The above is supportive of our club interest in growing and eating a whole range of fruits, not just the few like apples, pears, citrus and bananas that many Australians limit themselves to in their diet.  Even with these more common fruits, Australian studies have shown that people on average don’t eat enough..  As a consequence this inadequacy will be even more pronounced in terms of diversity – if you eat very little fruit there is less opportunity to embrace a greater range.  In 1997 the World Cancer Research Fund–American Institute for Cancer Research concluded that there was convincing evidence that high intake of F&V decreases the risk of oesophageal cancer, and the UK Committee on Medical Aspects of Food and Nutrition Policy reached similar conclusions. 

A 2003 meta-analysis of 13 studies also found a significant protective effect of F&V for each additional 100g/d consumed, and this effect was stronger for fruit than for vegetables (28% and 11% lower risks resp).  The present study advances these findings by considering the additional dimension of F&V variety on beneficial effects in this cancer, and suggests that the positive effect of F&V variety combined could be due entirely to the fruit variety part alone.  The participants who remained free of the cancer during the study period were consuming on average 4-14 different fruit products in a two week period – a far cry from only eating the few commons, and even more so for those who concentrate on a few ‘super fruits’ that may be promoted in health magazines. 

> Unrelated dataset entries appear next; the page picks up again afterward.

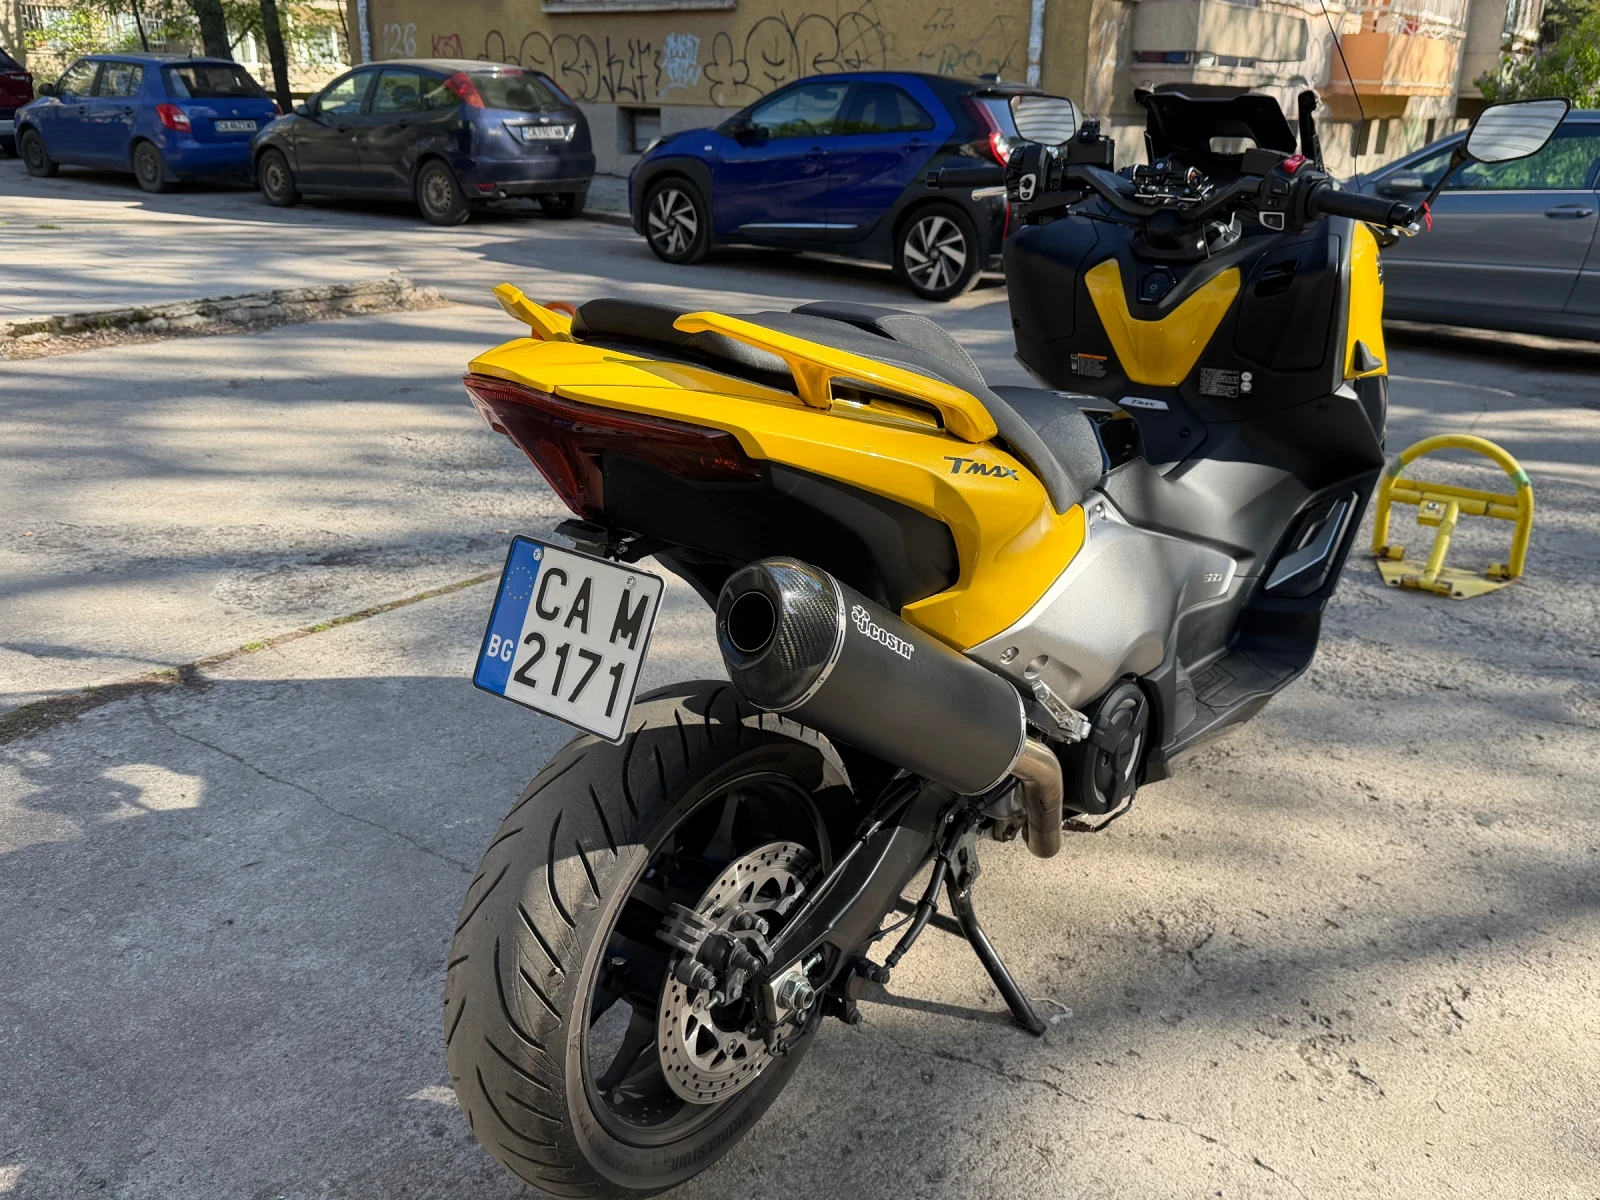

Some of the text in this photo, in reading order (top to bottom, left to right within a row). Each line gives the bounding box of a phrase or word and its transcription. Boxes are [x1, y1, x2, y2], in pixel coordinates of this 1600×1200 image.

[383, 22, 417, 57] 126
[944, 456, 1020, 481] TMAX
[535, 567, 650, 651] CA M
[486, 633, 514, 662] BG
[513, 632, 625, 718] 2171
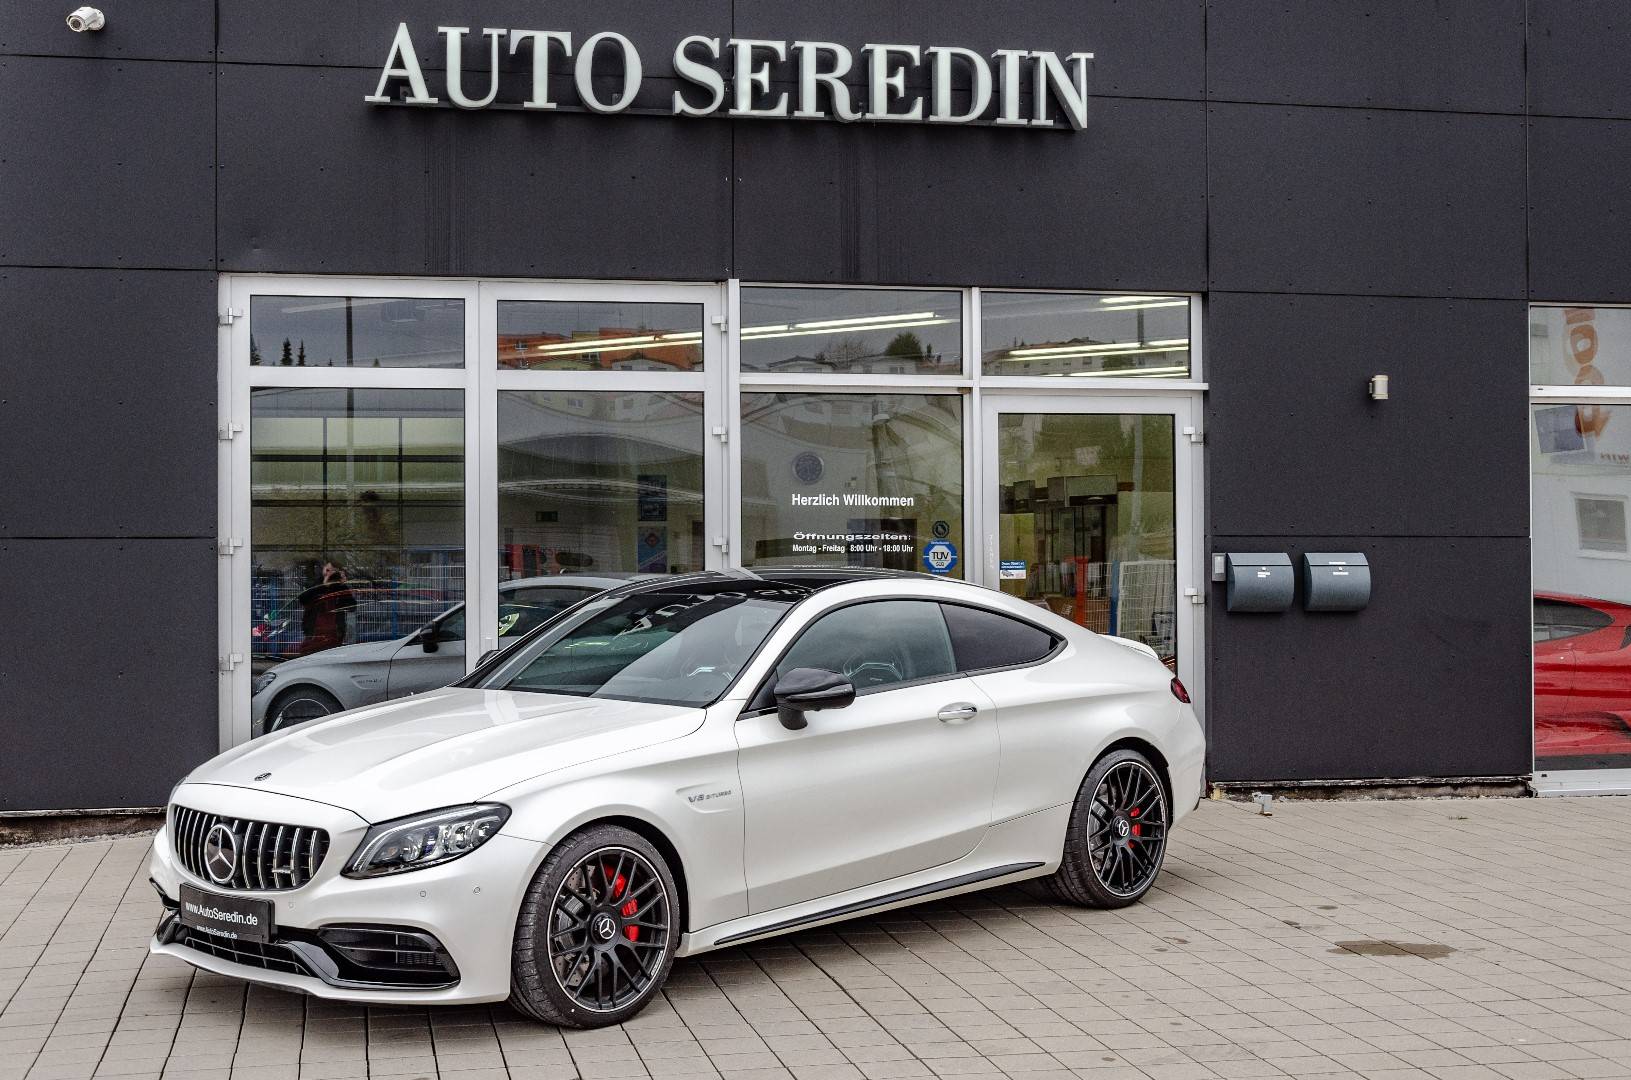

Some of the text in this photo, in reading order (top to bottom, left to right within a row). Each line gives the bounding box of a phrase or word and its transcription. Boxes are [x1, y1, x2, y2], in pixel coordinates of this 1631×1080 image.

It is an important contribution as it was a prospective study, whereas the majority in this area have been of the case-control type.  The former enter healthy people at the start of the trial and collect data on lifestyles and diets, uninfluenced by disease diagnosis that may have led people to dramatically change their habits.  They also avoid the problem of people recalling without bias what they may or may not have eaten some years earlier.  In case control studies, people who have already contracted the disease are compared with matching healthy controls and differences in diet/lifestyle are then analysed.  However there is the ever-present possibility that the 2 groups may differ in ways not recorded or studied, and this can confuse interpretation.

These considerations suggest it’s sensible to take off the blinkers and enjoy the full range of fruit that we can grow.  It could also help you keep at bay the ravages of chronic diseases associated with our busy and often stressful modern lifestyles.